Let me state from the very beginning.  Our response to the Ebola epidemic must be swift and effective to match the scale and urgency of the challenge. Now is the time for action.

We must catch up with the menacing exponential curve of the virus.

The crisis is multi-dimensional, with serious effects not only on public health but also on food security, on social cohesion, on economic and political stability.

Hard-won development progress is in jeopardy.

Neighbours are at risk.

None of us are insulated from the threat posed by Ebola.

It is a global concern and demands a global response in compassion and solidarity with those affected.

That is why the Secretary-General formed the Global Ebola Response Coalition to galvanize international action, as well as the UN Mission for Ebola Emergency Response (UNMEER) to coordinate action on the ground.

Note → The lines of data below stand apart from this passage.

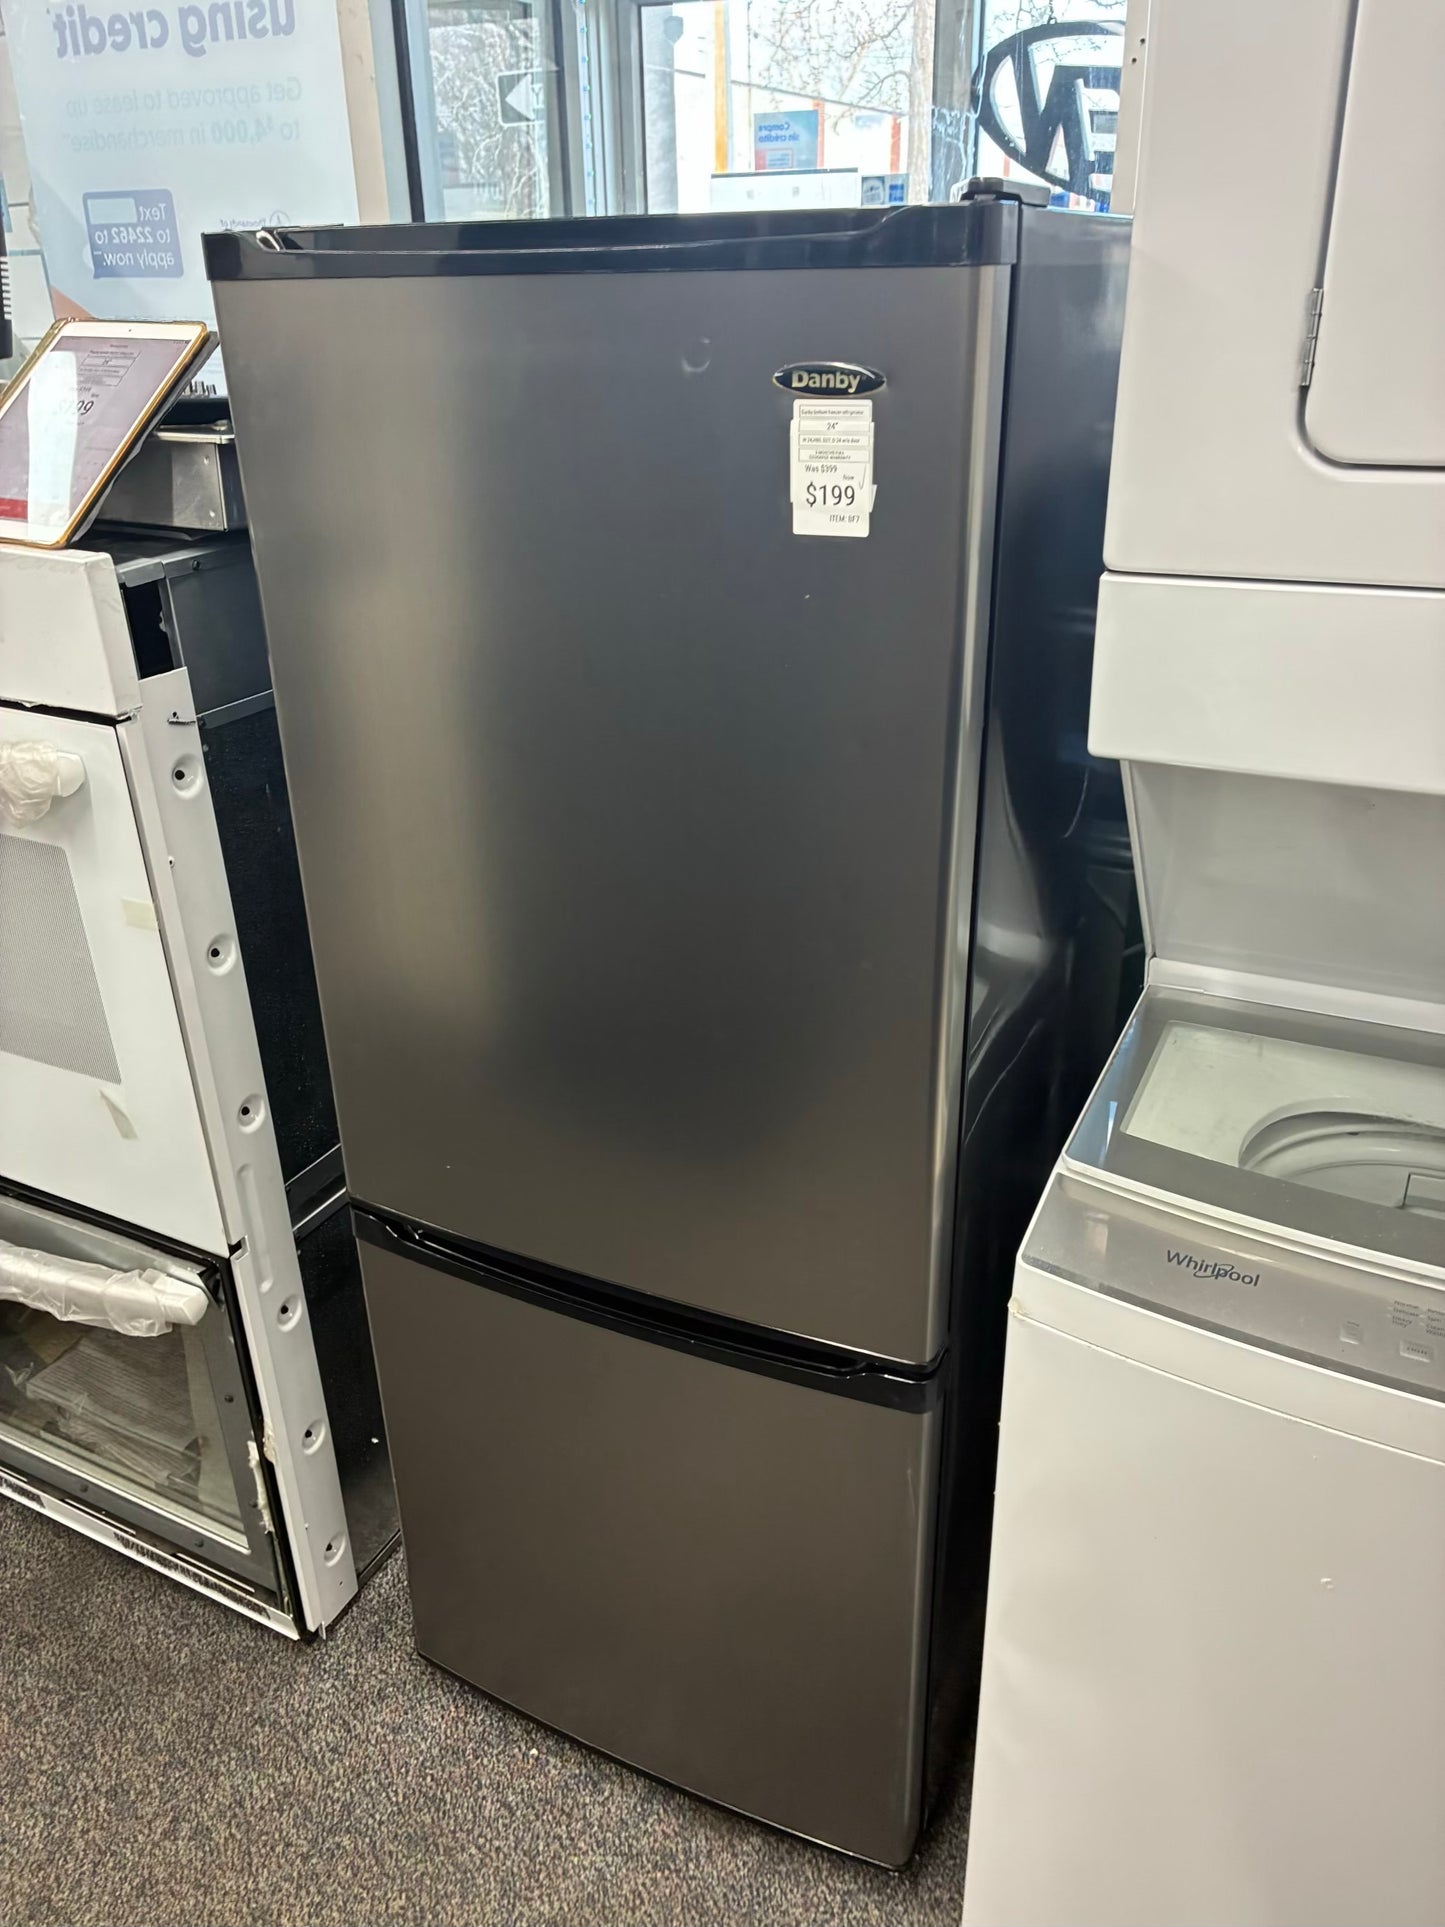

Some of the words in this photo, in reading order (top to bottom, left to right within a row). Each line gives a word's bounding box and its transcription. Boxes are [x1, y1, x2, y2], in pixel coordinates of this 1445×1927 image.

[791, 370, 861, 394] Danby
[805, 464, 819, 473] Was
[820, 464, 838, 474] $399
[806, 481, 855, 508] $199
[1167, 1249, 1260, 1287] Whirlpool

The Secretary-General and I thank the General Assembly and also the Security Council and Member States for their decisive and generous support for these initiatives.

This morning I presided over the first meeting of the Core Group of the Global Ebola Response Coalition.

We noted a wide range of actions and commitments to stop the epidemic and discussed how we could most effectively catalyze action.

But, let us be clear - while the UN has stepped up to play a leading role, we cannot do this work alone. 

No country, no organization can.  This crisis requires a collective mobilization outside and inside the affected countries, as the President just stated.

Here I would like to pay tribute to the courageous work of local health workers since the very onset of the outbreak in March.

Many national health workers have lost their lives.

Others, also working for organizations such as Medécins Sans Frontières and the International Federation of the Red Cross and Red Crescent, are selflessly risking their lives.  So, too, are our colleagues from many UN agencies.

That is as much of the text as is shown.